What’s surprising about chess and LLMs here

  • Most models in the experiment play very weak chess, even against the lowest Stockfish level.
  • One exception: gpt-3.5-turbo-instruct plays surprisingly well (roughly mid–amateur level in multiple users’ experience), and much better than newer or larger models from the same vendor and most open models.
  • Other experiments linked in the thread independently find the same outlier: 3.5‑turbo‑instruct has unusually strong, mostly‑legal play; other GPT models often blunder or propose illegal moves.

Hypotheses for why 3.5-turbo-instruct is good

  • Extra chess data / fine‑tuning:
    • Likely trained on many PGNs, possibly with targeted fine‑tuning or RLHF on strong moves and puzzles.
    • Fits with vendor documentation mentioning chess PGNs (≥1800 Elo games) in pretraining for at least one model family.
  • Prompt / interface effects:
    • 3.5‑turbo‑instruct works as a text completion model; when prompted to continue PGN exactly, performance jumps.
    • Chat-format models fare much worse; performance is extremely sensitive to notation, spaces, and using PGN vs English.
  • No external engine:
    • Evidence cited against a hidden chess engine: sensitivity to notation/history, illegal moves still occurring, logprob inspection, and behavior unlike classical engines.
  • Hidden engine / “cheating” theory:
    • Some argue a closed model might call a simple ~1800 Elo engine via tools, citing the vendor’s incentives and past overhyped demos.
    • Counterpoints stress complexity, low payoff, and employee claims there is no such special casing.

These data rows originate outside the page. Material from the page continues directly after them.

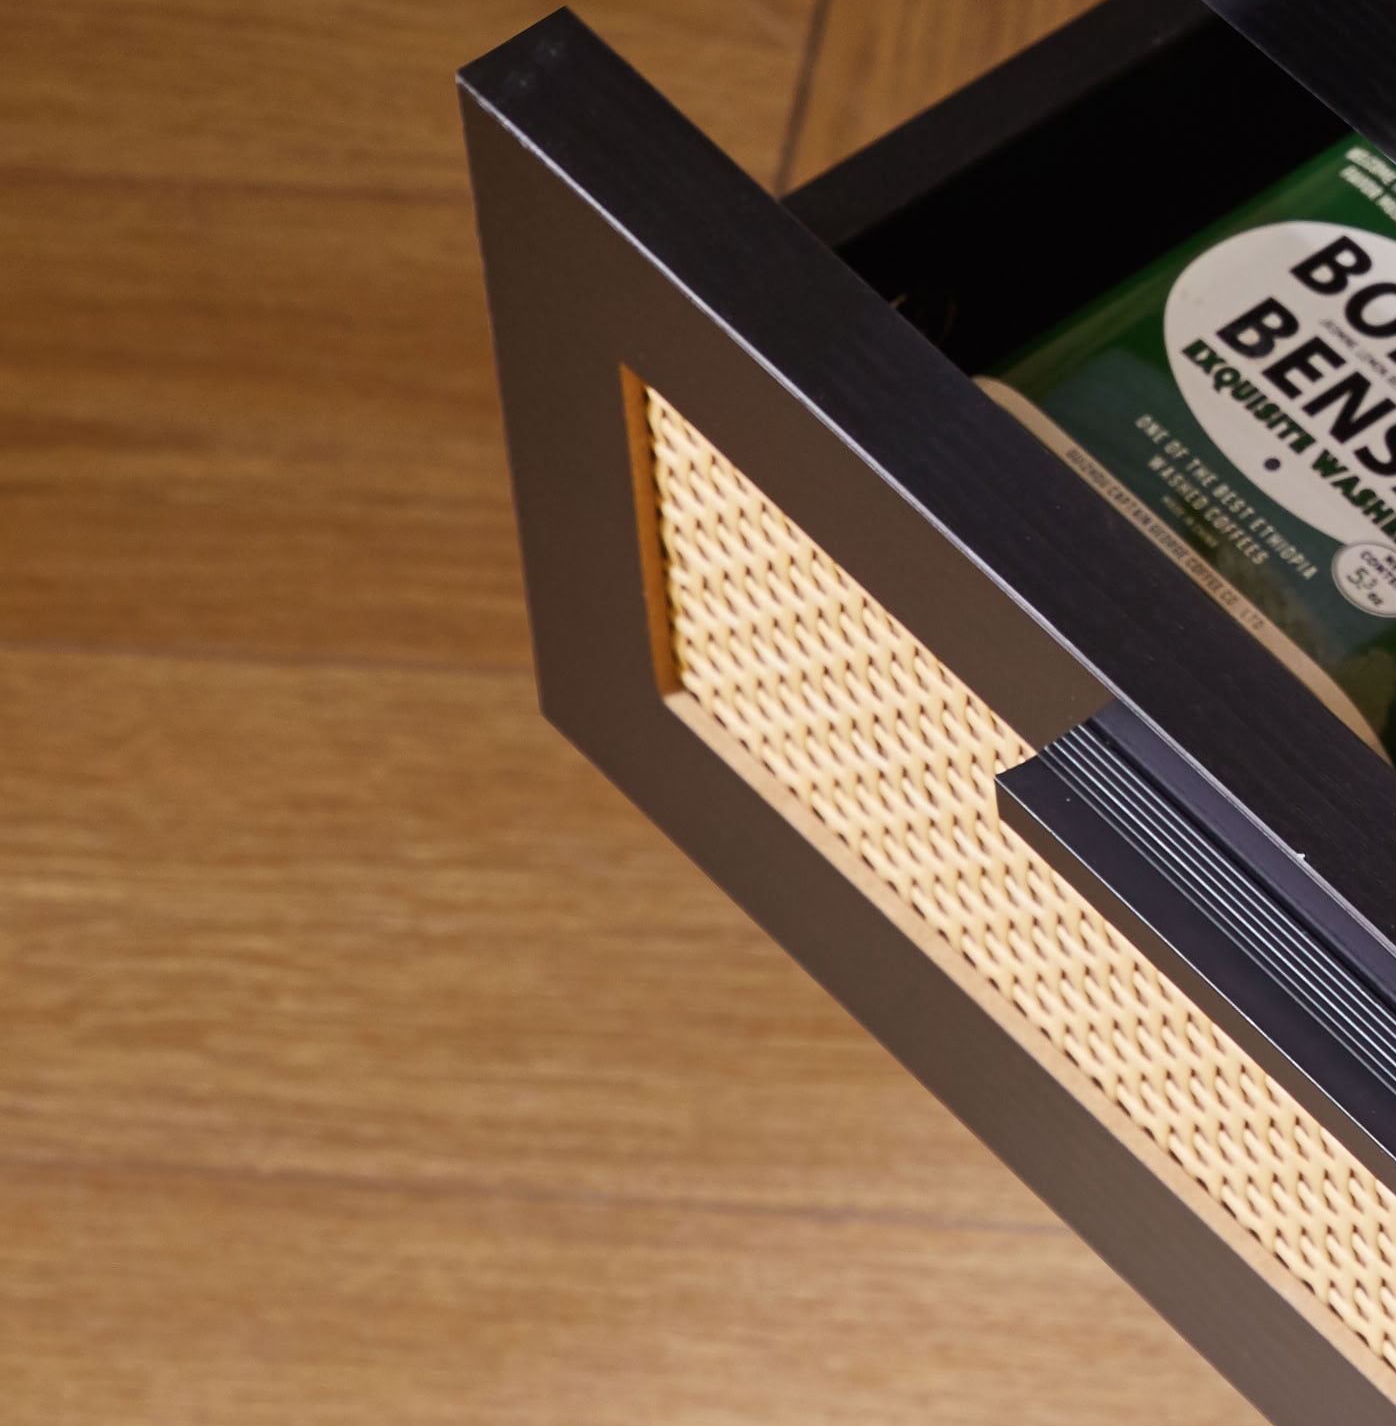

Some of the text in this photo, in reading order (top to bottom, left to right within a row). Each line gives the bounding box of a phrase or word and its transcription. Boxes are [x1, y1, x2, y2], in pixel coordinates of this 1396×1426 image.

[1181, 339, 1314, 456] EXQUISITE
[1134, 413, 1170, 443] ONE
[1163, 439, 1189, 460] OF
[1185, 458, 1218, 486] THE
[1212, 483, 1255, 520] BEST
[1249, 517, 1318, 579] ETHIOPIA
[1147, 454, 1210, 510] WASHED
[1204, 506, 1269, 565] COFFEES

Evaluation and reproducibility concerns

  • Open models were quantized (Q5_K_M), which likely degrades play relative to full-precision closed models.
  • Temperature, sampling, grammar constraints, and resampling up to 10 times were used; these choices may heavily affect strength.
  • Different Stockfish versions and difficulty presets lead to conflicting replication attempts; some cannot reproduce “beats Stockfish” at all.
  • Commenters note small trial counts, limited hyperparameter sweeps, and that the author later hints they found a mundane explanation not yet disclosed.

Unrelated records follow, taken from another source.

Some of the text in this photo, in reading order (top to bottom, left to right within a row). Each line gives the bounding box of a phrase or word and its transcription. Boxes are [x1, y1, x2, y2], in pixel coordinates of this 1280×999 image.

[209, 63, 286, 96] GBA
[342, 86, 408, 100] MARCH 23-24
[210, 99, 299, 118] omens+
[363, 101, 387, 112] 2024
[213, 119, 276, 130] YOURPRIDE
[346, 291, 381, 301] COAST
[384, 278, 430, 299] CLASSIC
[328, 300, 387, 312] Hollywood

Broader debates: tokenization and reasoning

  • Long subthread on whether LLM failures at counting, letter-count tasks, and chess are mainly:
    • Tokenization artifacts (e.g., “strawberry” as multi-token, integers not digitwise), or
    • Fundamental transformer limitations on sequential/algorithmic reasoning, mitigated by chain-of-thought prompting.
  • Others discuss alternative tokenization (character/byte-level, multi-tokenization schemes), but note severe cost and context tradeoffs and limited empirical gains so far.

Bigger-picture reflections

  • Some see chess weakness as expected: LLMs are sequence models, not planners or search engines.
  • Others note that strong 3.5‑instruct play and specialized transformer-based chess engines show transformers can encode nontrivial world models for formal games.
  • Several warn that benchmarks like chess will likely be directly optimized for in future models, blurring the line between “emergent ability” and targeted training.